● **Work task**
What is needed is an exact copy of the lines from the one containing "this 1835×1794 image." through the last line of the entries below, both included.

Collection entries:
+ + + +

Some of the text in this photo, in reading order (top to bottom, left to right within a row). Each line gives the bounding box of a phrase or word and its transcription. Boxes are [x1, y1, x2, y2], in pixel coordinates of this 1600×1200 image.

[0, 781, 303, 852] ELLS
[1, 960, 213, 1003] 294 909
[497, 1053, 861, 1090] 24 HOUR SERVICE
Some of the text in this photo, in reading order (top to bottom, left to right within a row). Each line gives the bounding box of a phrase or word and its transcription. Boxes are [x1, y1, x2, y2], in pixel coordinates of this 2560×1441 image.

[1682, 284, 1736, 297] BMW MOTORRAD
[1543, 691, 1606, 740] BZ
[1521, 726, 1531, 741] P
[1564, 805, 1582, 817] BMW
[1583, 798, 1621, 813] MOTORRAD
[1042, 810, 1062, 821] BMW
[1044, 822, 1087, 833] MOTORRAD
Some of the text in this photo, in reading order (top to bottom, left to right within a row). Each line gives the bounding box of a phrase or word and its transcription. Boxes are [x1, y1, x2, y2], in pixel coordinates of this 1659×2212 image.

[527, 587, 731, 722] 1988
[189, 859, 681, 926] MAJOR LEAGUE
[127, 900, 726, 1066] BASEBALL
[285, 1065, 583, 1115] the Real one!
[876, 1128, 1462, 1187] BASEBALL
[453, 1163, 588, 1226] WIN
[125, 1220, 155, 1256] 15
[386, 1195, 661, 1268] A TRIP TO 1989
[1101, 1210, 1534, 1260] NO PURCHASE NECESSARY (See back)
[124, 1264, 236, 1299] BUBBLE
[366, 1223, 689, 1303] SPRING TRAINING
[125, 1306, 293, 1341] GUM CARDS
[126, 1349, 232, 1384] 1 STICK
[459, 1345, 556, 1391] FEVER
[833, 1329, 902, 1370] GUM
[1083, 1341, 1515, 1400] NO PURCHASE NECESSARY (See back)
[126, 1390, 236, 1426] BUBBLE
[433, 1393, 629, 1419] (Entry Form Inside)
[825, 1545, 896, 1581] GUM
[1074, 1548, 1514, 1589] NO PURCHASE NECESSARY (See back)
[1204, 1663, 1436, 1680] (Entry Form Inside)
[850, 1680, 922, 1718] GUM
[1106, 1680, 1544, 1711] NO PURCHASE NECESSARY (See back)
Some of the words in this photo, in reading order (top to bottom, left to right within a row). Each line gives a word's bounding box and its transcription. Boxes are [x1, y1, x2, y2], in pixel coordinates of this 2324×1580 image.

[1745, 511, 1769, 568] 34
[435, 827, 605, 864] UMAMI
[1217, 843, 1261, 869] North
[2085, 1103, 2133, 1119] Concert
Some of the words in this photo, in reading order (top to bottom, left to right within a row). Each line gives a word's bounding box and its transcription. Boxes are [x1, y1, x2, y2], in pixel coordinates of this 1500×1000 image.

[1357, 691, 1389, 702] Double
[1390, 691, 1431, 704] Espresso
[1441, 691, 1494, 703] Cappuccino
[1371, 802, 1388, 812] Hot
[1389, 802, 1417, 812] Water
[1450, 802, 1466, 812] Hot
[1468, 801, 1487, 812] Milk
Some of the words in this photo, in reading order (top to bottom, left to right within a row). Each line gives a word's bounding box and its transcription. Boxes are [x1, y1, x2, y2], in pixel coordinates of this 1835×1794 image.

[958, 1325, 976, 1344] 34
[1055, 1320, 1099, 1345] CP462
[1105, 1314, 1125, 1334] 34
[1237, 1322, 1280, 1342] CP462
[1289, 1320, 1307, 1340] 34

+ + + +

● **Result of the exercise**
Some of the words in this photo, in reading order (top to bottom, left to right within a row). Each line gives a word's bounding box and its transcription. Boxes are [x1, y1, x2, y2], in pixel coordinates of this 1835×1794 image.

[958, 1325, 976, 1344] 34
[1055, 1320, 1099, 1345] CP462
[1105, 1314, 1125, 1334] 34
[1237, 1322, 1280, 1342] CP462
[1289, 1320, 1307, 1340] 34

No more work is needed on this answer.